Items listed in a dataset
<<<<

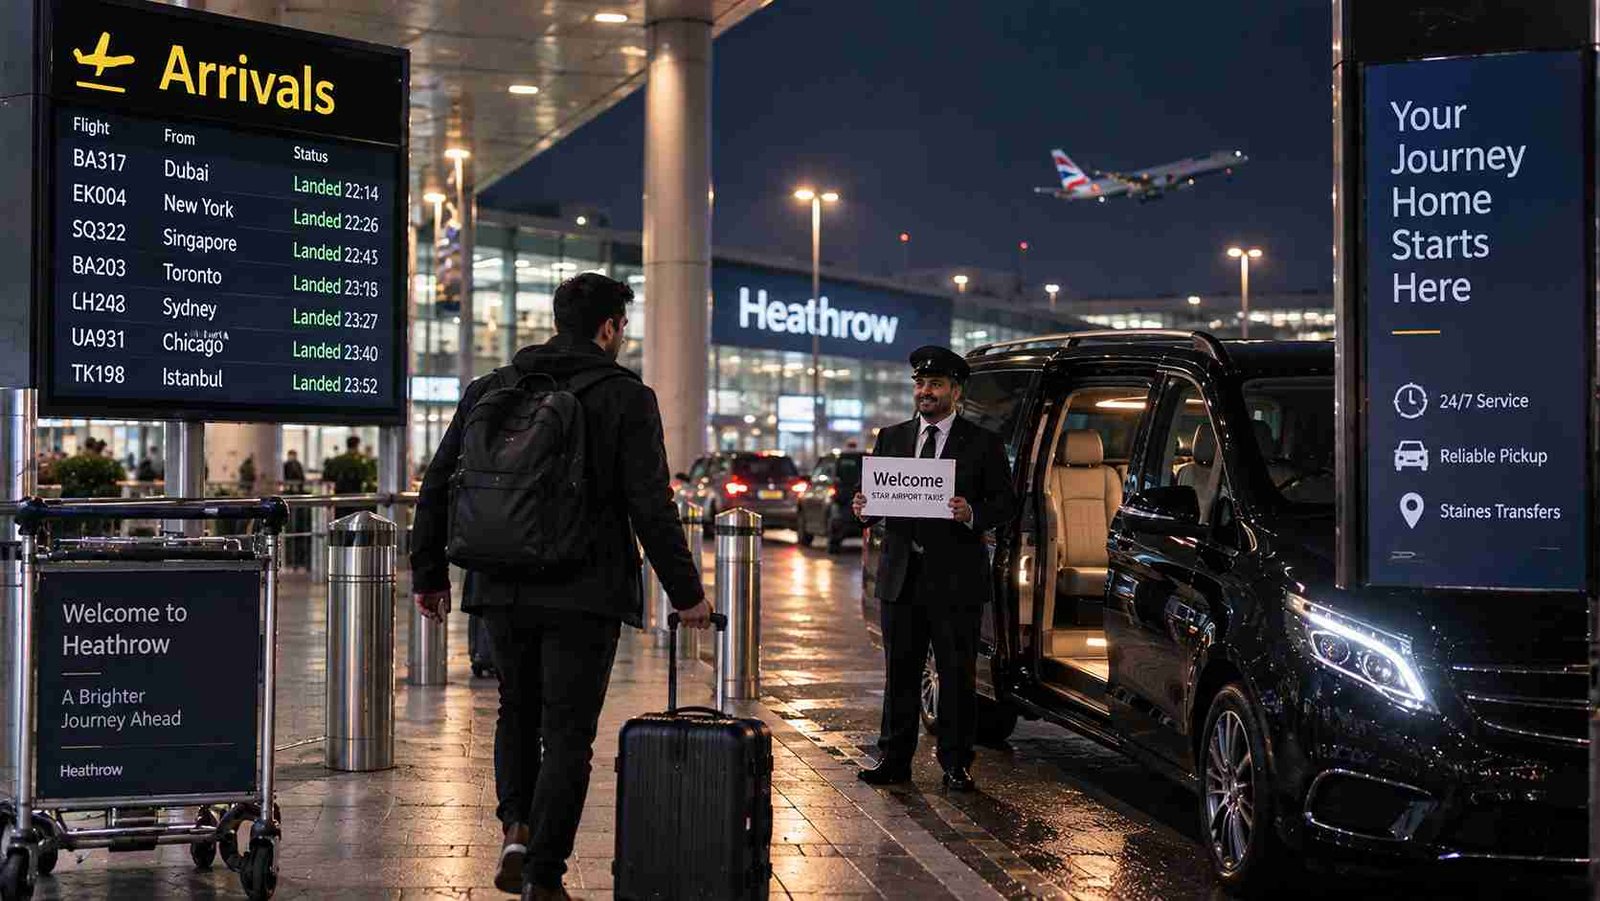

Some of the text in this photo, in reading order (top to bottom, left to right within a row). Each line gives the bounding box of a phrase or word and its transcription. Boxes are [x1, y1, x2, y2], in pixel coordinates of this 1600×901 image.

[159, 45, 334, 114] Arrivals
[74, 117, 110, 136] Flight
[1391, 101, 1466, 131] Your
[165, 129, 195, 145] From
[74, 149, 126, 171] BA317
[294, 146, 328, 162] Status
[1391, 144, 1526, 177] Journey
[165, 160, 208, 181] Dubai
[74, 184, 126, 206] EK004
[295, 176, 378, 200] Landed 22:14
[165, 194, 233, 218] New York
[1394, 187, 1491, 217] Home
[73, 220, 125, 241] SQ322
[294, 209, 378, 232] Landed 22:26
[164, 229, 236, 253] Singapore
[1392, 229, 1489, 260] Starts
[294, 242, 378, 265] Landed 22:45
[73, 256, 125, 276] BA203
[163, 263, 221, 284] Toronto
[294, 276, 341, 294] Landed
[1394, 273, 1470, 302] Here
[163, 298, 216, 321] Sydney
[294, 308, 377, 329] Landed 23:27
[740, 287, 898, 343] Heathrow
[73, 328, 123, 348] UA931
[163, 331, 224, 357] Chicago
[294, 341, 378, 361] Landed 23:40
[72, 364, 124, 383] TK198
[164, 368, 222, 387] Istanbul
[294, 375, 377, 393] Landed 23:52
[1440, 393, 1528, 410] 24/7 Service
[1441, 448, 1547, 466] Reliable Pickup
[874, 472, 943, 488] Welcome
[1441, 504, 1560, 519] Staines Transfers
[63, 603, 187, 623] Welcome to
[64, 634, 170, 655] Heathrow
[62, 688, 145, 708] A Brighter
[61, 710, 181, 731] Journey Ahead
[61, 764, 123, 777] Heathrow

>>>>

◆ WORK TO COMPLETE
Word for word, set down every line of the records above, and leave the pictures out.

◆ REPLY
Some of the text in this photo, in reading order (top to bottom, left to right within a row). Each line gives the bounding box of a phrase or word and its transcription. Boxes are [x1, y1, x2, y2], in pixel coordinates of this 1600×901 image.

[159, 45, 334, 114] Arrivals
[74, 117, 110, 136] Flight
[1391, 101, 1466, 131] Your
[165, 129, 195, 145] From
[74, 149, 126, 171] BA317
[294, 146, 328, 162] Status
[1391, 144, 1526, 177] Journey
[165, 160, 208, 181] Dubai
[74, 184, 126, 206] EK004
[295, 176, 378, 200] Landed 22:14
[165, 194, 233, 218] New York
[1394, 187, 1491, 217] Home
[73, 220, 125, 241] SQ322
[294, 209, 378, 232] Landed 22:26
[164, 229, 236, 253] Singapore
[1392, 229, 1489, 260] Starts
[294, 242, 378, 265] Landed 22:45
[73, 256, 125, 276] BA203
[163, 263, 221, 284] Toronto
[294, 276, 341, 294] Landed
[1394, 273, 1470, 302] Here
[163, 298, 216, 321] Sydney
[294, 308, 377, 329] Landed 23:27
[740, 287, 898, 343] Heathrow
[73, 328, 123, 348] UA931
[163, 331, 224, 357] Chicago
[294, 341, 378, 361] Landed 23:40
[72, 364, 124, 383] TK198
[164, 368, 222, 387] Istanbul
[294, 375, 377, 393] Landed 23:52
[1440, 393, 1528, 410] 24/7 Service
[1441, 448, 1547, 466] Reliable Pickup
[874, 472, 943, 488] Welcome
[1441, 504, 1560, 519] Staines Transfers
[63, 603, 187, 623] Welcome to
[64, 634, 170, 655] Heathrow
[62, 688, 145, 708] A Brighter
[61, 710, 181, 731] Journey Ahead
[61, 764, 123, 777] Heathrow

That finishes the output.